**ASSIGNED TASK**
Transcribed word for word, the lines below from the one with "this 1200×1600 image." through the last line of the records form the answer; no picture is to be included.
____ INPUT RECORDS
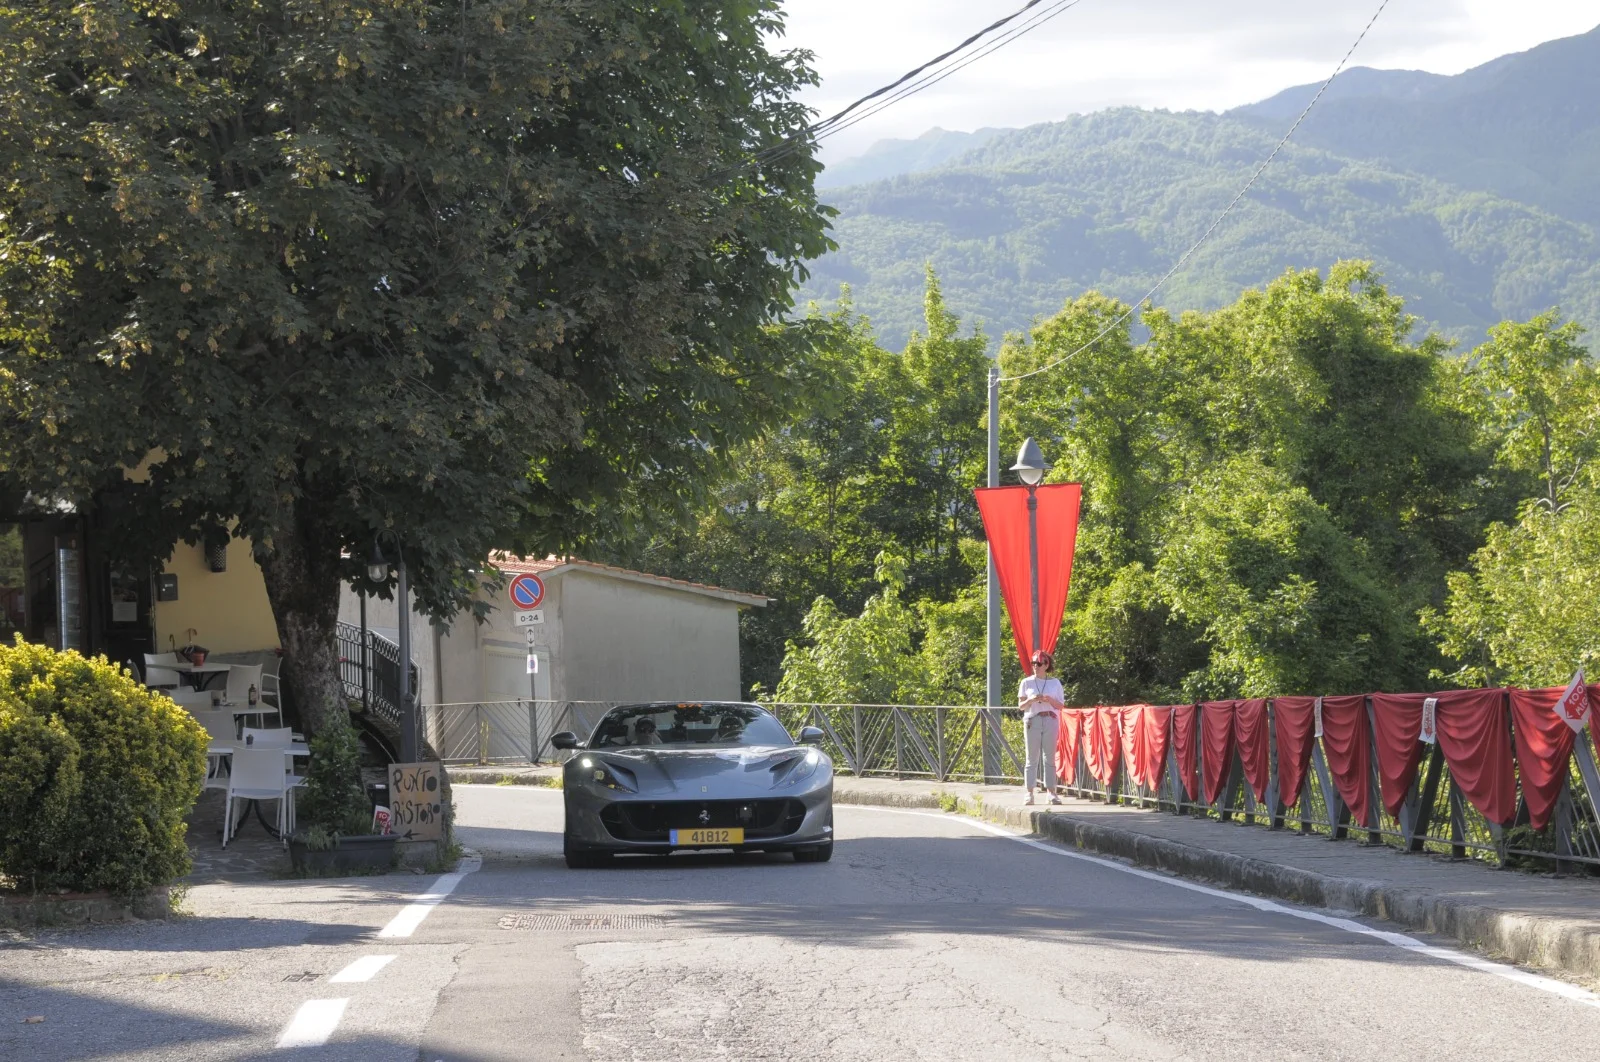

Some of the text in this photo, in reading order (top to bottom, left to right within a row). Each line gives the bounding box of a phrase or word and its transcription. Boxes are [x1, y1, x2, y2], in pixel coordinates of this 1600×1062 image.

[520, 614, 539, 622] 0-24
[393, 768, 437, 793] PUNTO
[691, 830, 729, 843] 41812
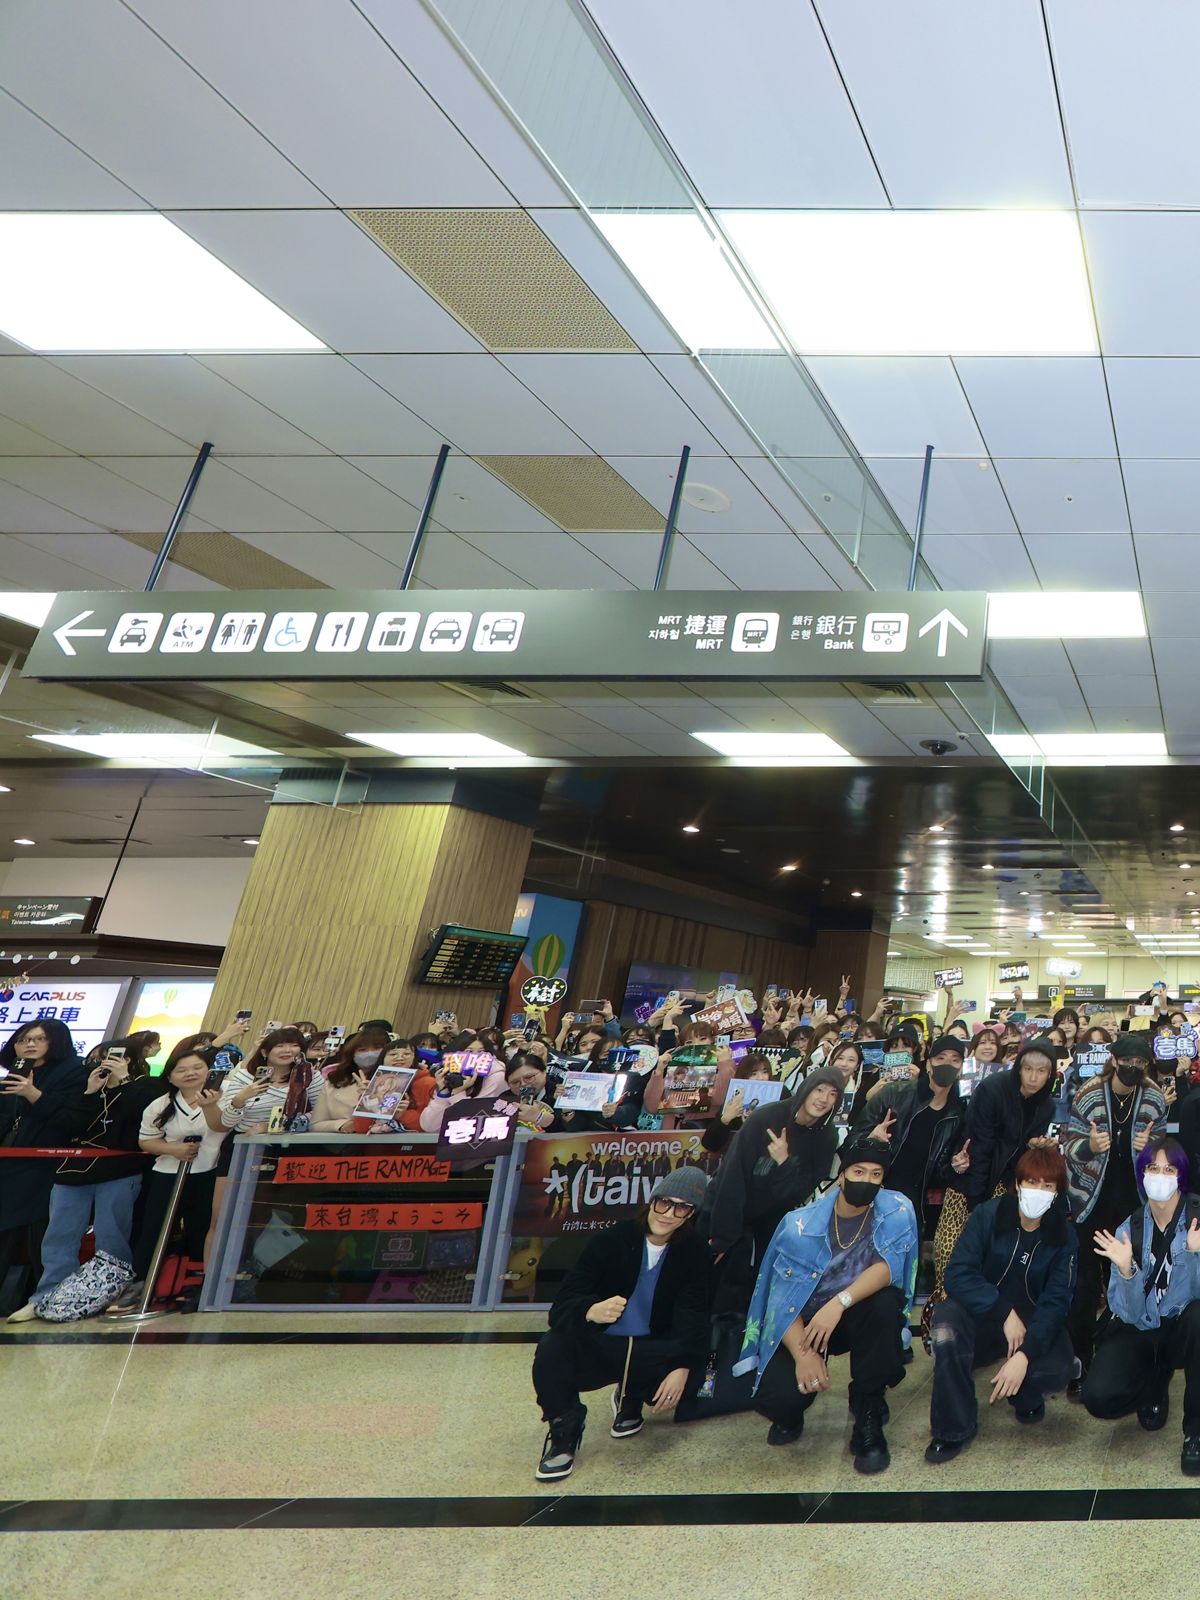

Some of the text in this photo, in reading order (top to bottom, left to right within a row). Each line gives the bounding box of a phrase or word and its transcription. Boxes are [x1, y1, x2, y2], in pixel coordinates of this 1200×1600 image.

[658, 615, 682, 625] MRT
[684, 614, 727, 635] 捷運
[815, 615, 857, 635] 銀行
[648, 629, 680, 640] 지하철
[791, 629, 811, 640] 은행
[695, 639, 723, 649] MRT
[824, 639, 855, 649] Bank
[19, 992, 86, 1001] CARPLUS
[527, 983, 560, 1003] 樹
[1077, 1053, 1088, 1064] THE
[591, 1137, 682, 1156] welcome
[282, 1157, 449, 1181] 歡迎 THE RAMPAGE
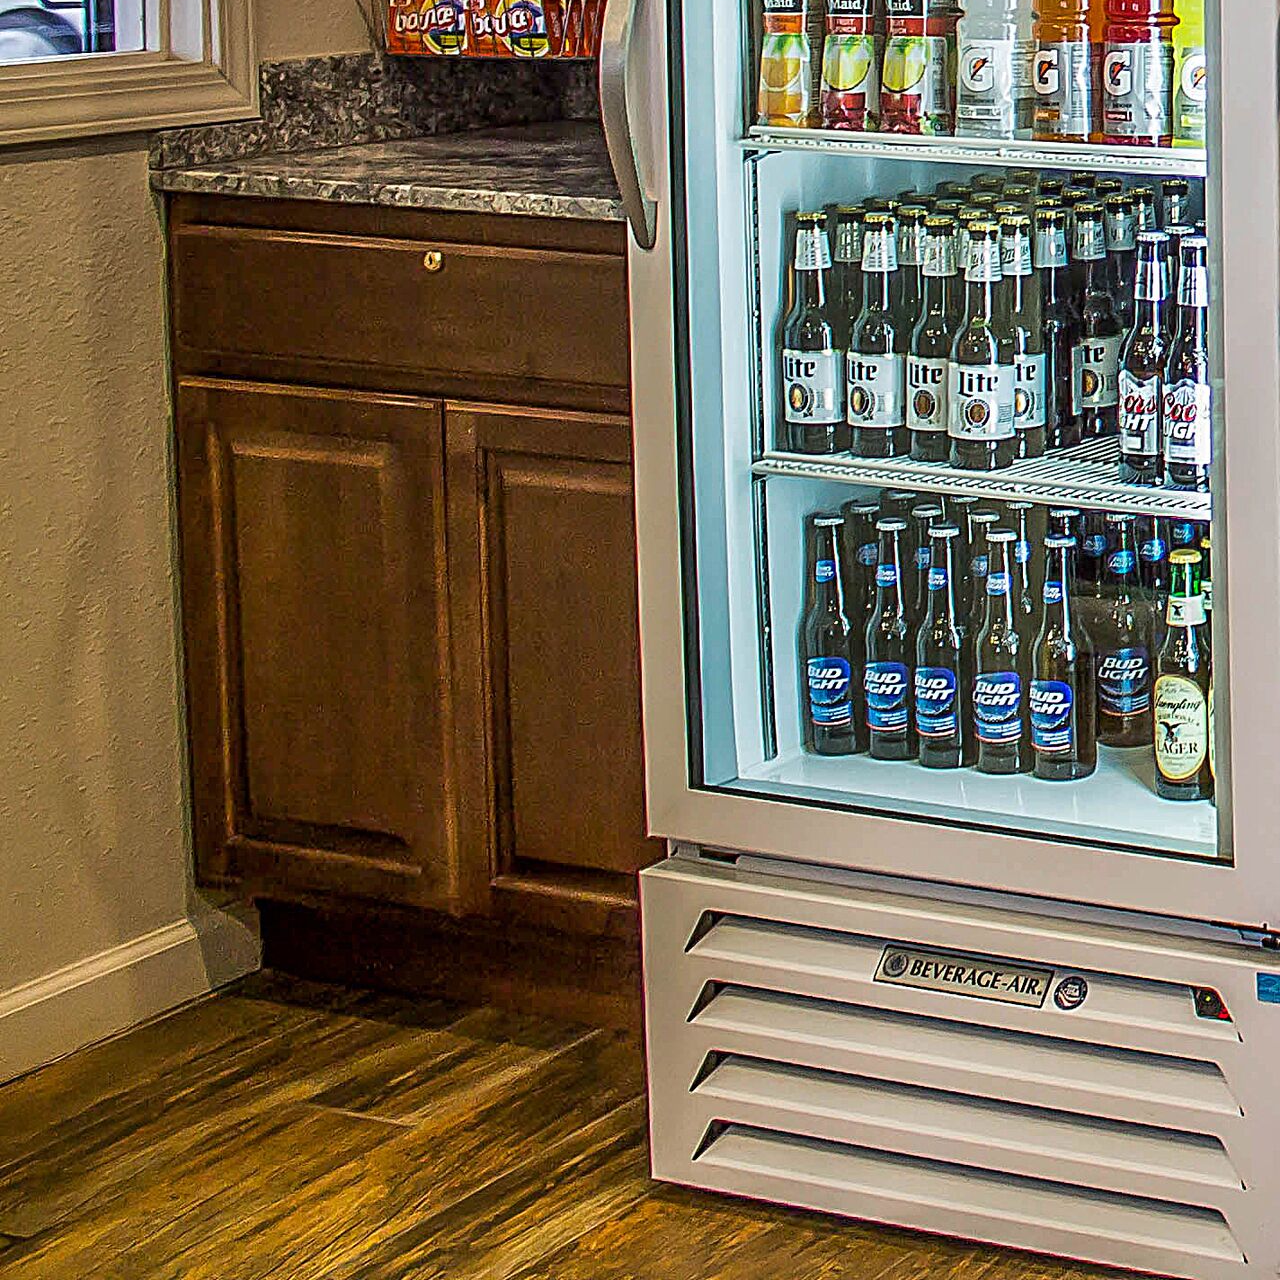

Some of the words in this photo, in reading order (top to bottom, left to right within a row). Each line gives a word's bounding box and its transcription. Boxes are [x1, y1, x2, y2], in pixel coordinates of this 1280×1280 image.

[396, 6, 456, 32] bounce
[472, 8, 529, 36] bounce
[1104, 50, 1132, 97] G
[784, 356, 816, 381] Lite
[909, 362, 943, 387] Lite
[958, 371, 998, 397] Lite
[1099, 666, 1149, 681] LIGHT
[1103, 657, 1143, 669] BUD
[975, 681, 1016, 694] BUD
[1157, 741, 1199, 755] LAGER
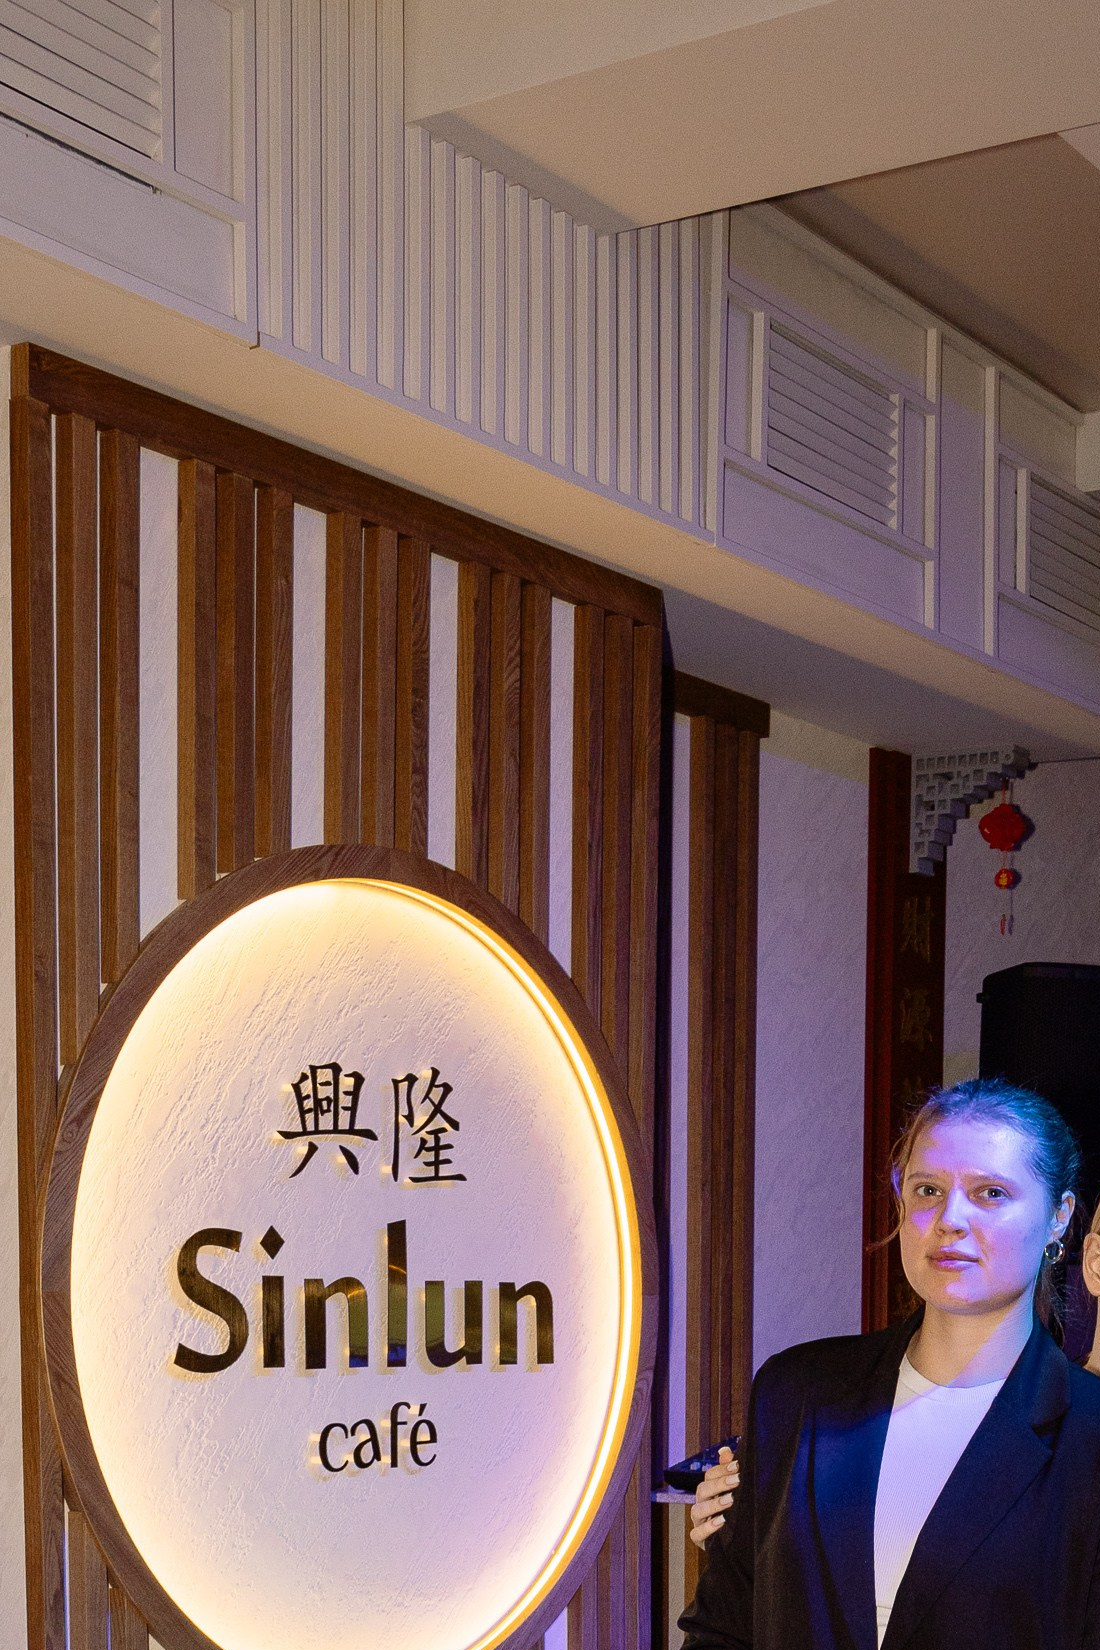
________
**ANSWER BOX**
Some of the text in this photo, in reading order (top to bottom, left to right within a row). Each line gives the bounding box of a phrase or word and its transcription. Boxes are [x1, y1, x2, y2], in pixel coordinates of this 1200×1600 image.

[658, 615, 682, 625] MRT
[684, 614, 727, 635] 捷運
[815, 615, 857, 635] 銀行
[648, 629, 680, 640] 지하철
[791, 629, 811, 640] 은행
[695, 639, 723, 649] MRT
[824, 639, 855, 649] Bank
[19, 992, 86, 1001] CARPLUS
[527, 983, 560, 1003] 樹
[1077, 1053, 1088, 1064] THE
[591, 1137, 682, 1156] welcome
[282, 1157, 449, 1181] 歡迎 THE RAMPAGE

Some of the words in this photo, in reading order (top to bottom, left to right within a row). Each line gives a word's bounding box and its transcription. Boxes are [x1, y1, x2, y2], in pixel coordinates of this 1280×1280 image.

[396, 6, 456, 32] bounce
[472, 8, 529, 36] bounce
[1104, 50, 1132, 97] G
[784, 356, 816, 381] Lite
[909, 362, 943, 387] Lite
[958, 371, 998, 397] Lite
[1099, 666, 1149, 681] LIGHT
[1103, 657, 1143, 669] BUD
[975, 681, 1016, 694] BUD
[1157, 741, 1199, 755] LAGER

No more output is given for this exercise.